The spectral pattern of correlation we observed, increased high-frequency activity and reduced low-frequency activity, has also been found to be important for decoding positive and negative affect in epilepsy patients40. While affective state is not identical to our depression-specific measures, it is likely related. The explainable model we employed was trained on intracranial neural data collected from a cohort of patients with depression, thus eliminating the confounds of epilepsy comorbidities and possible attendant neurophysiological abnormalities. The correlation we observed between neural features and improved depression symptoms is reminiscent of similar associations between this spectral pattern (in particular, increased high-frequency activity) and improved performance in several domains. In visual cortex, for example, increased gamma power predicts faster reaction times in a perception task, perhaps related to increased neural synchrony and resultant facilitated information transfer41. Intracranial investigations of human memory have shown that increased high frequency activity and decreased low frequency activity in left temporal cortex predict verbal memory encoding42–44, again perhaps reflecting the facilitatory effect of synchronized neuronal spiking45. In prefrontal cortex, we have previously shown that increased gamma power predicts improved performance on a cognitive interference task on a trial-by-trial basis46, potentially reflecting optimal allocation of cognitive control resources relative to demand47. These observations across brain regions mediating perception-to-action behaviors highlight the importance of gamma power as an indicator of neural coherence and a candidate biomarker of performance.
In areas subserving cognitive processes, however, the relationship appears more complicated. Though insufficient application of cognitive resources leads to eroded performance in controlled decision-making tasks46,47, unconstrained attentive resources can also be maladaptive. For example, constitutively high activity in PFC regions including the ACC may be the physiological driver of the inappropriately sustained attention to the external environment (e.g., the ordering of objects in a desk drawer) or to internal feelings (e.g., certainty that the stove is off) characteristic of obsessive-compulsive disorder48,49. The same requirement for balance is true in affective domains.
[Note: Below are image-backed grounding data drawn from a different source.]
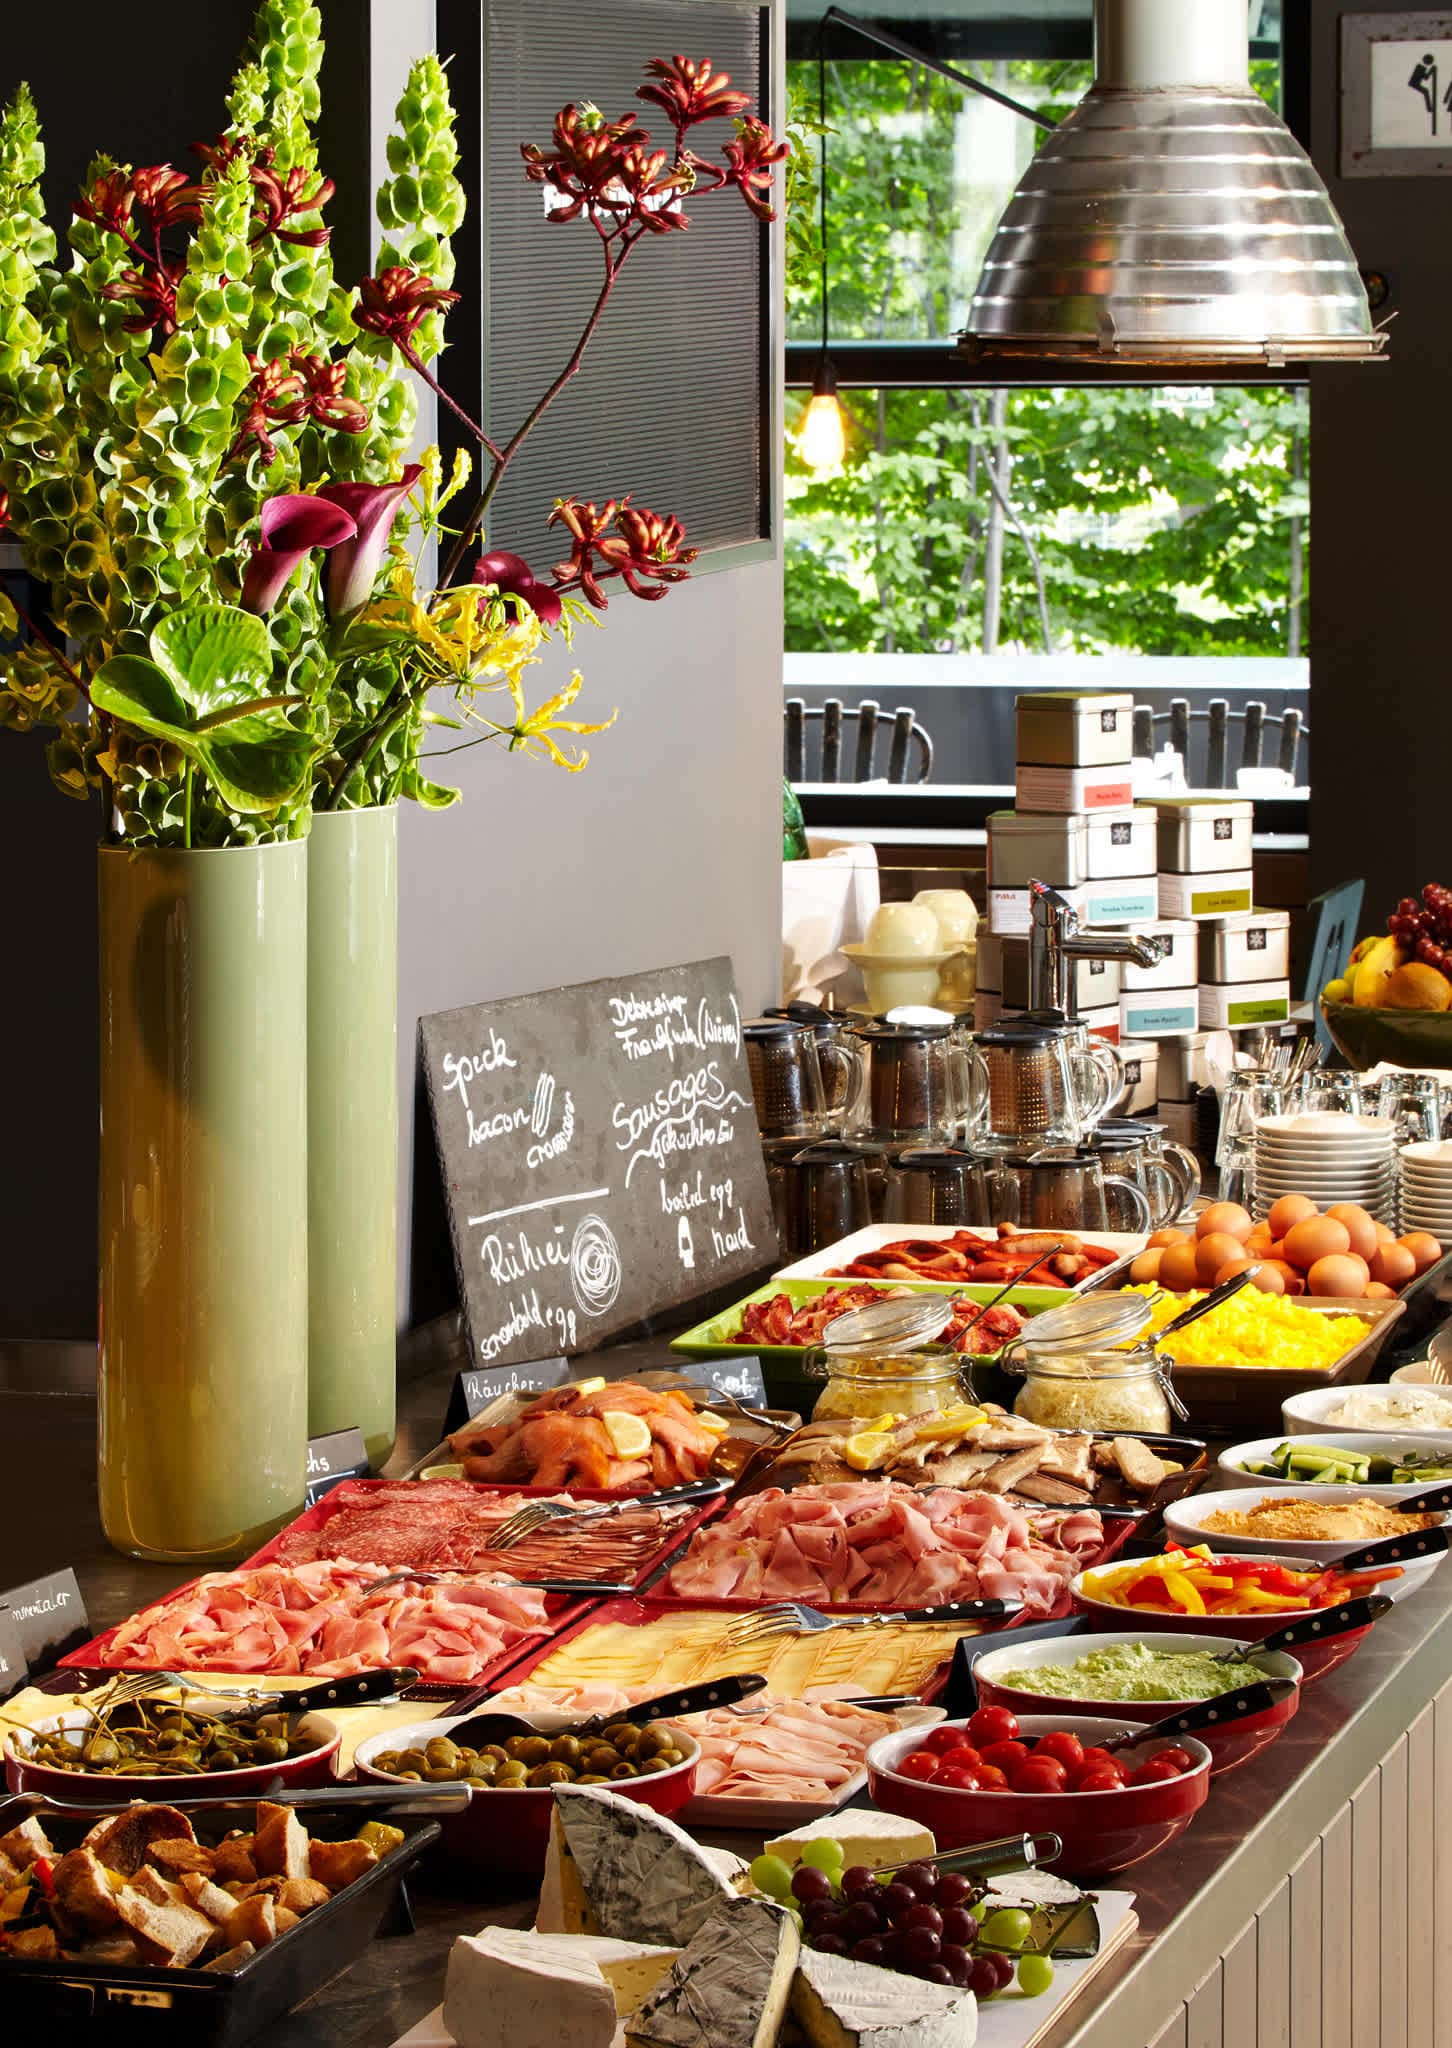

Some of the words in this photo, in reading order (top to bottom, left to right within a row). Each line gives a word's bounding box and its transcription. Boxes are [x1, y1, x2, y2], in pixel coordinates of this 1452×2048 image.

[442, 1027, 518, 1109] Speck
[466, 1108, 530, 1148] bacon
[612, 1061, 725, 1150] Sausages
[660, 1170, 707, 1214] boiled
[710, 1178, 733, 1220] egg
For example, consider reward sensitivity, one of the cardinal features of positive affect50. Whereas a hallmark feature of depression is insufficient reward sensitivity51, inappropriately elevated reward-seeking behavior is pathognomonic of addiction disorders51,52. Thus in disorders such as depression, which include dysfunction in cognitive and affective domains53, these competing forces must achieve balance in order to produce adaptive, productive, euthymic behavior. Consequently, neurophysiological biomarkers of such states will likely be more complex.
We therefore extended our investigation beyond the observed correlations and built a decoder to predict depression severity from spectral power features. Due to the sparse sampling of symptom state relative to that of the electrophysiological data, we began with a model formulation forced to use only the smallest subset of regions, thus producing a model that is more generalizable and less prone to overfitting. The consistent selection of ACC in all patients speaks to the importance of this region in mood and cognitive regulation40,54. Even as the region selectivity requirement was relaxed, the prominence of ACC remained (Fig. 4d-i). Although this brain region was commonly selected across patients, the predictive spectral features in ACC differed across participants. The features that were highly predictive were a subset of those that showed significant correlations with depression severity. In Patient 1, beta power was most predictive of depression severity, whereas in Patients 2 and 3, high-gamma power was most predictive. Continued efforts can test the hypothesis that certain features are common predictors across individuals, whereas other features are individual-specific.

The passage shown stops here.